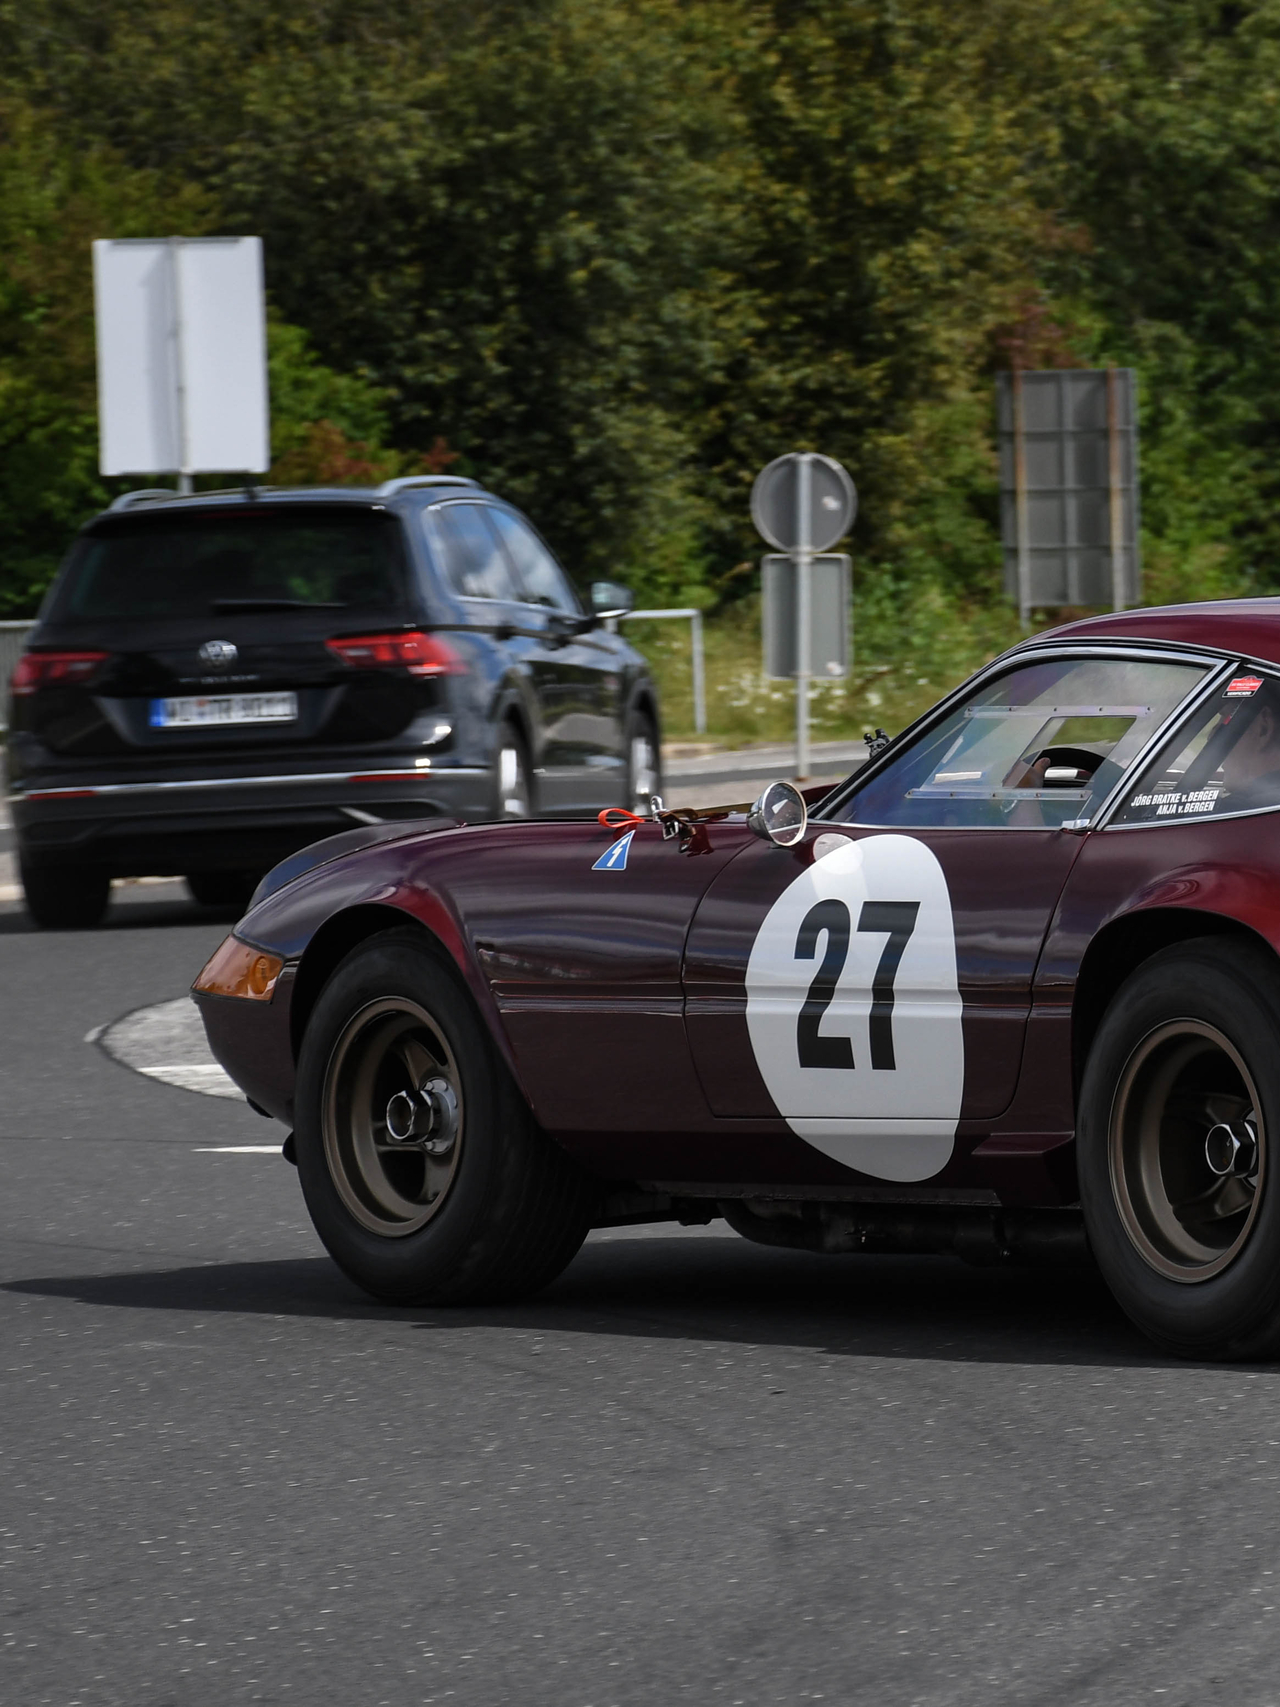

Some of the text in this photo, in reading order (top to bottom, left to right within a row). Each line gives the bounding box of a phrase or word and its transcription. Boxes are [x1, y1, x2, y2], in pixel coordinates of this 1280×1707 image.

[1152, 793, 1181, 805] BRATKE
[1156, 803, 1177, 815] ANJA
[794, 898, 921, 1070] 27
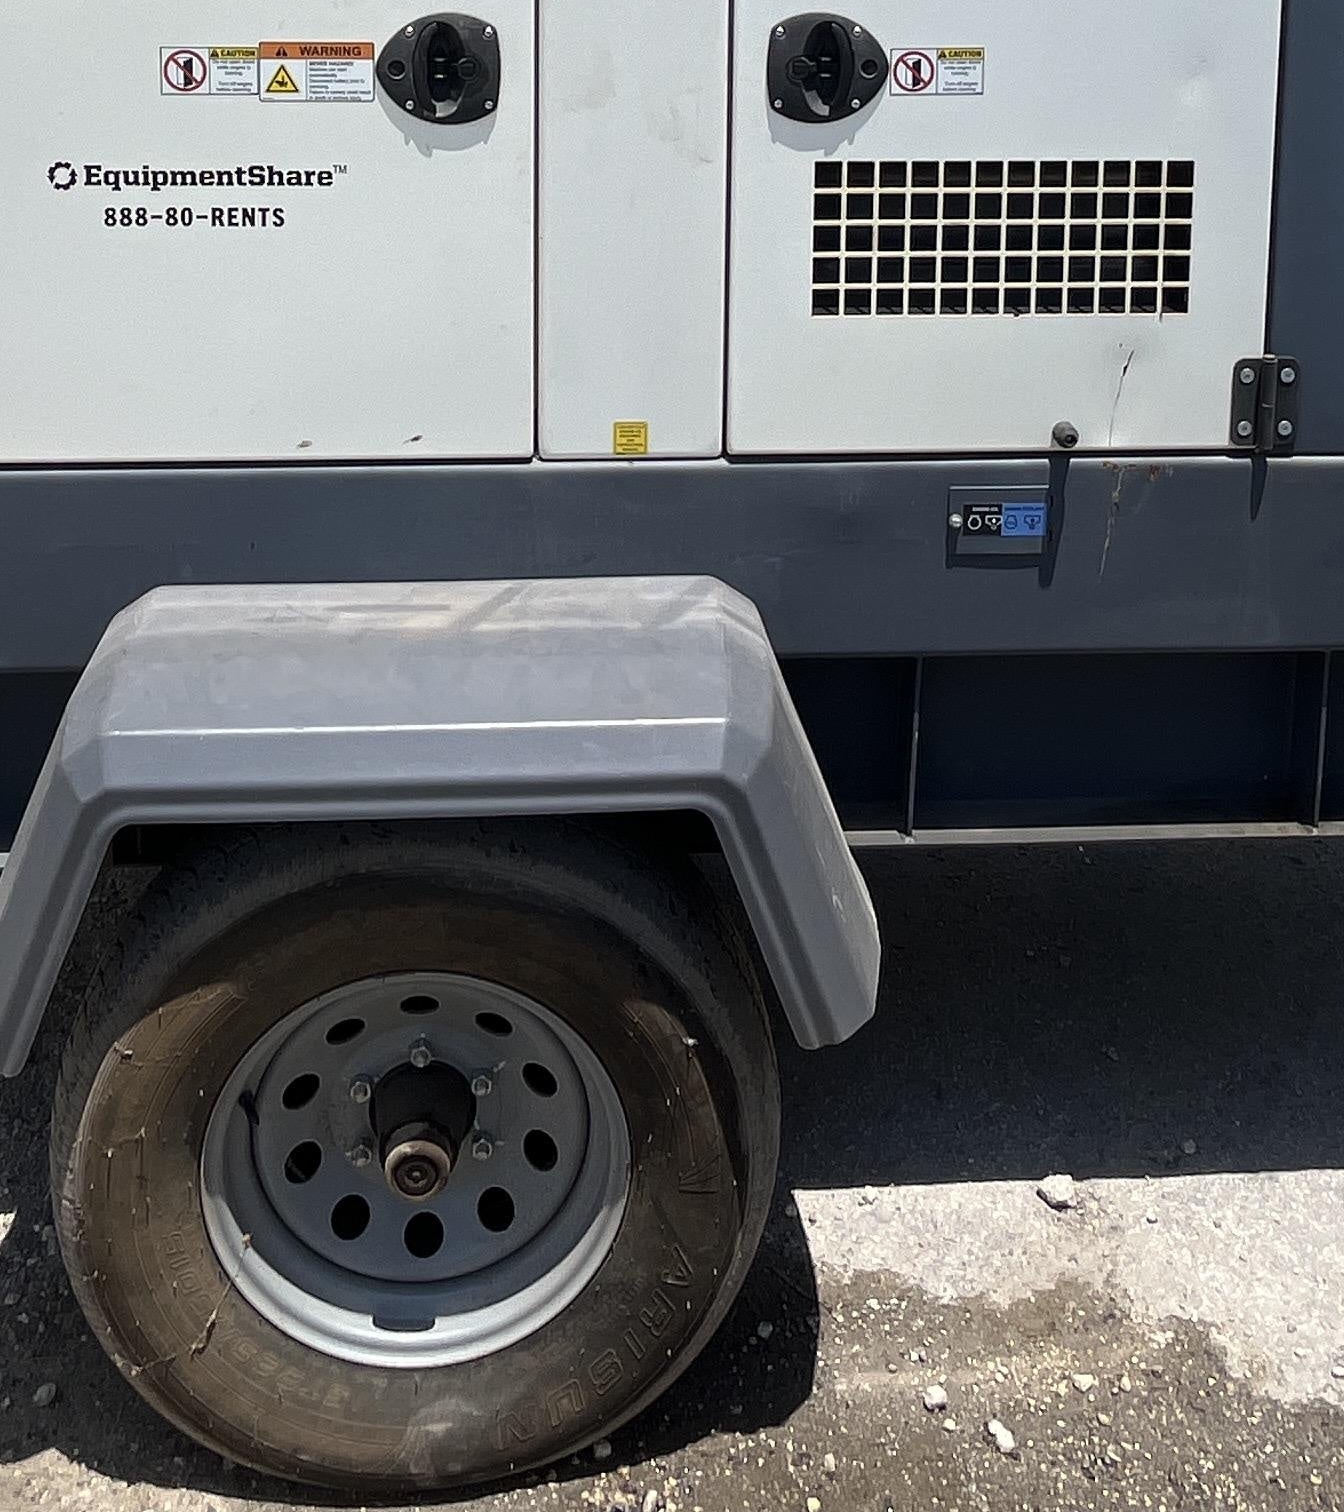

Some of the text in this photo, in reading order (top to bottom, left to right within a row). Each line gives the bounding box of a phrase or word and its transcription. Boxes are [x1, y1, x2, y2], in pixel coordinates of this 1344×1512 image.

[298, 45, 363, 57] WARNING
[83, 164, 334, 191] EquipmentShare
[103, 207, 286, 228] 888-80-RENTS
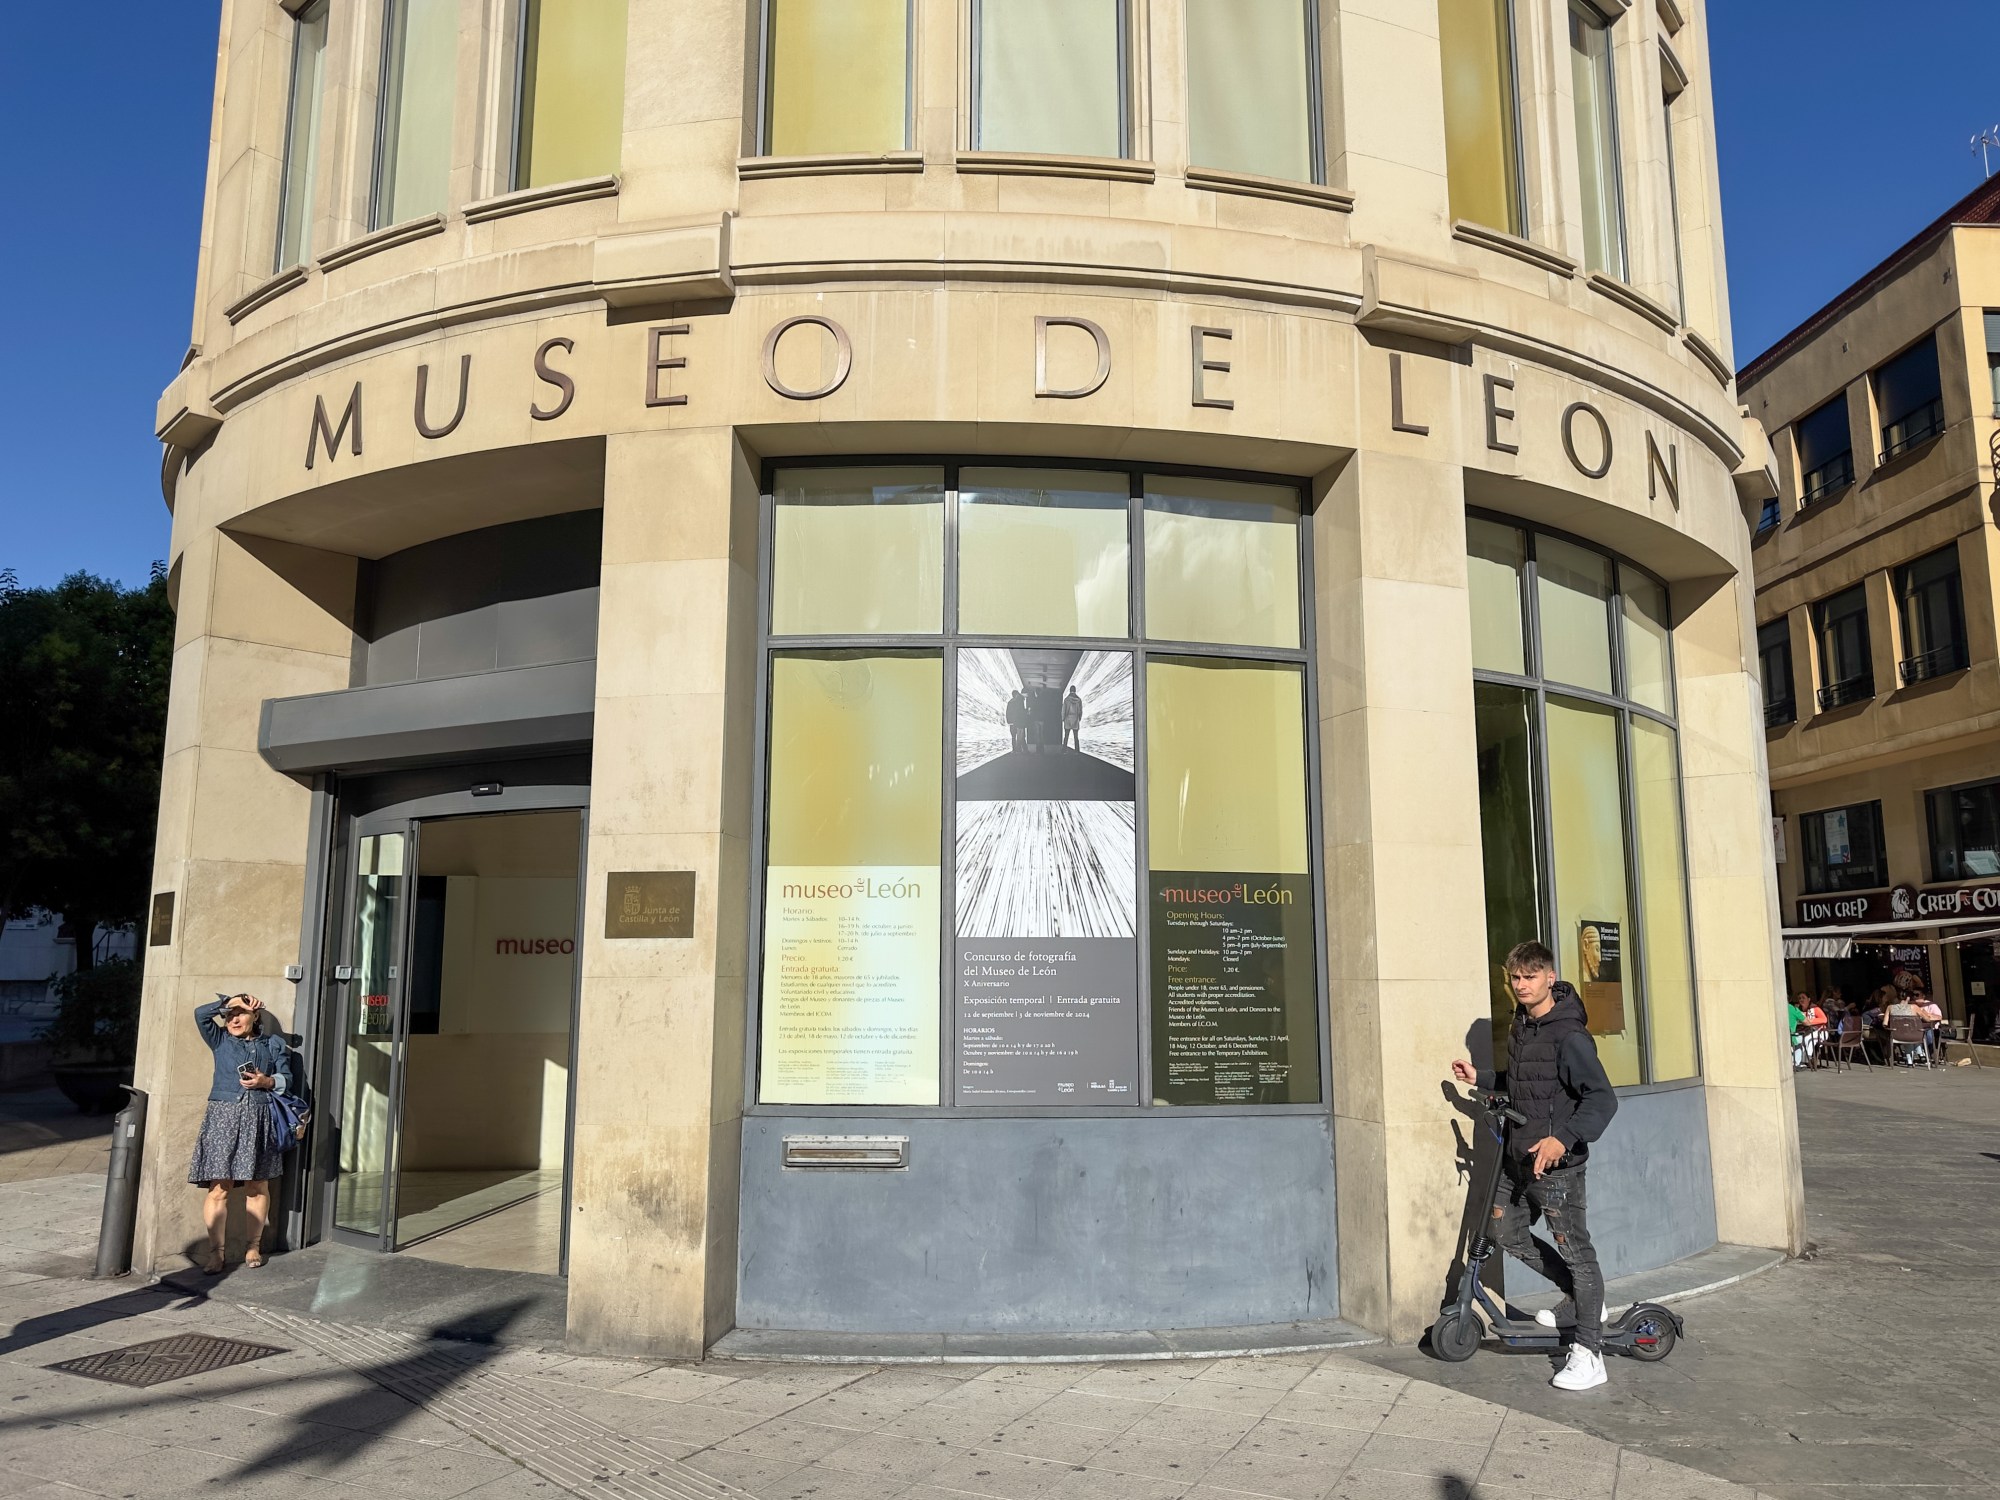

--- --- ---

## Exercise requirements
Give the material again exactly as it is, but keep the pictures out.

## Task solution
Some of the text in this photo, in reading order (top to bottom, left to right within a row). Each line gives the bounding box of a phrase or word and its transcription. Boxes are [x1, y1, x2, y2], in pixel coordinates of this 1280×1707 image.

[1152, 793, 1181, 805] BRATKE
[1156, 803, 1177, 815] ANJA
[794, 898, 921, 1070] 27

Some of the text in this photo, in reading order (top to bottom, left to right within a row). Each line gives the bounding box of a phrase or word and its transcription. Boxes are [x1, y1, x2, y2], in pixel coordinates of this 1344×1512 image.

[298, 45, 363, 57] WARNING
[83, 164, 334, 191] EquipmentShare
[103, 207, 286, 228] 888-80-RENTS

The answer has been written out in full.